◆ Your task:
The response is to be the full listing, set down exactly.

******************************

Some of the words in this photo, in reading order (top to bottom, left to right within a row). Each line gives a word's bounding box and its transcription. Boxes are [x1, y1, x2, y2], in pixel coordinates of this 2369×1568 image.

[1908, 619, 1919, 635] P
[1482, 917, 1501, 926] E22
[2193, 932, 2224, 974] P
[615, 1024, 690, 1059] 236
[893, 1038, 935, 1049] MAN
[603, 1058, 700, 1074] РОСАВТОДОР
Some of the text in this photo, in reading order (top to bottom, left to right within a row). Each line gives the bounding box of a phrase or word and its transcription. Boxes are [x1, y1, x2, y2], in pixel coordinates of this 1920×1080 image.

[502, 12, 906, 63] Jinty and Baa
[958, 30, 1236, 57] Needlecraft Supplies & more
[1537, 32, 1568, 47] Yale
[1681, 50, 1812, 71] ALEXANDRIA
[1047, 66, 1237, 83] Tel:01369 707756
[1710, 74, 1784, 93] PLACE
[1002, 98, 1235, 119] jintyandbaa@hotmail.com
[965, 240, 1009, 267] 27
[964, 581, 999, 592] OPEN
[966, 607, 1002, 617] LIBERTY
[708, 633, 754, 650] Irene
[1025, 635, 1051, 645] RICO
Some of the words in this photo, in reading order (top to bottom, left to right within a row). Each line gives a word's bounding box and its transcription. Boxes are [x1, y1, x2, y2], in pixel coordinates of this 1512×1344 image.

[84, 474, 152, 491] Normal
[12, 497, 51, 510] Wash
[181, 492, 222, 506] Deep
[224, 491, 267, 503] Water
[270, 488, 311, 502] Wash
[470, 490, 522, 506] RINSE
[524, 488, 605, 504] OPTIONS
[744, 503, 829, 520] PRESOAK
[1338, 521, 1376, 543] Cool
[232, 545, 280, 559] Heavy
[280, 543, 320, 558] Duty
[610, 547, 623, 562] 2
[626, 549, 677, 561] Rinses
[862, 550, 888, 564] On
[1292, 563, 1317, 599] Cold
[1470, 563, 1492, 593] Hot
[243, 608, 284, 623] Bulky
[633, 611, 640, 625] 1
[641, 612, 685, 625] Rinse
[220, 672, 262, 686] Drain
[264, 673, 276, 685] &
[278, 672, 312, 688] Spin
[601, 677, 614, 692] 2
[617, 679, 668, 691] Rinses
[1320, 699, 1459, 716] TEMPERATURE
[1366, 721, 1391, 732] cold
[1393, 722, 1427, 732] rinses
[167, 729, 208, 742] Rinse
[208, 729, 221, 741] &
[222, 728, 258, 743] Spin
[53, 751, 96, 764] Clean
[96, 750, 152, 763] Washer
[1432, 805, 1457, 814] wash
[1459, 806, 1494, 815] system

******************************

◆ Reply:
Some of the words in this photo, in reading order (top to bottom, left to right within a row). Each line gives a word's bounding box and its transcription. Boxes are [x1, y1, x2, y2], in pixel coordinates of this 2369×1568 image.

[1908, 619, 1919, 635] P
[1482, 917, 1501, 926] E22
[2193, 932, 2224, 974] P
[615, 1024, 690, 1059] 236
[893, 1038, 935, 1049] MAN
[603, 1058, 700, 1074] РОСАВТОДОР
Some of the text in this photo, in reading order (top to bottom, left to right within a row). Each line gives the bounding box of a phrase or word and its transcription. Boxes are [x1, y1, x2, y2], in pixel coordinates of this 1920×1080 image.

[502, 12, 906, 63] Jinty and Baa
[958, 30, 1236, 57] Needlecraft Supplies & more
[1537, 32, 1568, 47] Yale
[1681, 50, 1812, 71] ALEXANDRIA
[1047, 66, 1237, 83] Tel:01369 707756
[1710, 74, 1784, 93] PLACE
[1002, 98, 1235, 119] jintyandbaa@hotmail.com
[965, 240, 1009, 267] 27
[964, 581, 999, 592] OPEN
[966, 607, 1002, 617] LIBERTY
[708, 633, 754, 650] Irene
[1025, 635, 1051, 645] RICO
Some of the words in this photo, in reading order (top to bottom, left to right within a row). Each line gives a word's bounding box and its transcription. Boxes are [x1, y1, x2, y2], in pixel coordinates of this 1512×1344 image.

[84, 474, 152, 491] Normal
[12, 497, 51, 510] Wash
[181, 492, 222, 506] Deep
[224, 491, 267, 503] Water
[270, 488, 311, 502] Wash
[470, 490, 522, 506] RINSE
[524, 488, 605, 504] OPTIONS
[744, 503, 829, 520] PRESOAK
[1338, 521, 1376, 543] Cool
[232, 545, 280, 559] Heavy
[280, 543, 320, 558] Duty
[610, 547, 623, 562] 2
[626, 549, 677, 561] Rinses
[862, 550, 888, 564] On
[1292, 563, 1317, 599] Cold
[1470, 563, 1492, 593] Hot
[243, 608, 284, 623] Bulky
[633, 611, 640, 625] 1
[641, 612, 685, 625] Rinse
[220, 672, 262, 686] Drain
[264, 673, 276, 685] &
[278, 672, 312, 688] Spin
[601, 677, 614, 692] 2
[617, 679, 668, 691] Rinses
[1320, 699, 1459, 716] TEMPERATURE
[1366, 721, 1391, 732] cold
[1393, 722, 1427, 732] rinses
[167, 729, 208, 742] Rinse
[208, 729, 221, 741] &
[222, 728, 258, 743] Spin
[53, 751, 96, 764] Clean
[96, 750, 152, 763] Washer
[1432, 805, 1457, 814] wash
[1459, 806, 1494, 815] system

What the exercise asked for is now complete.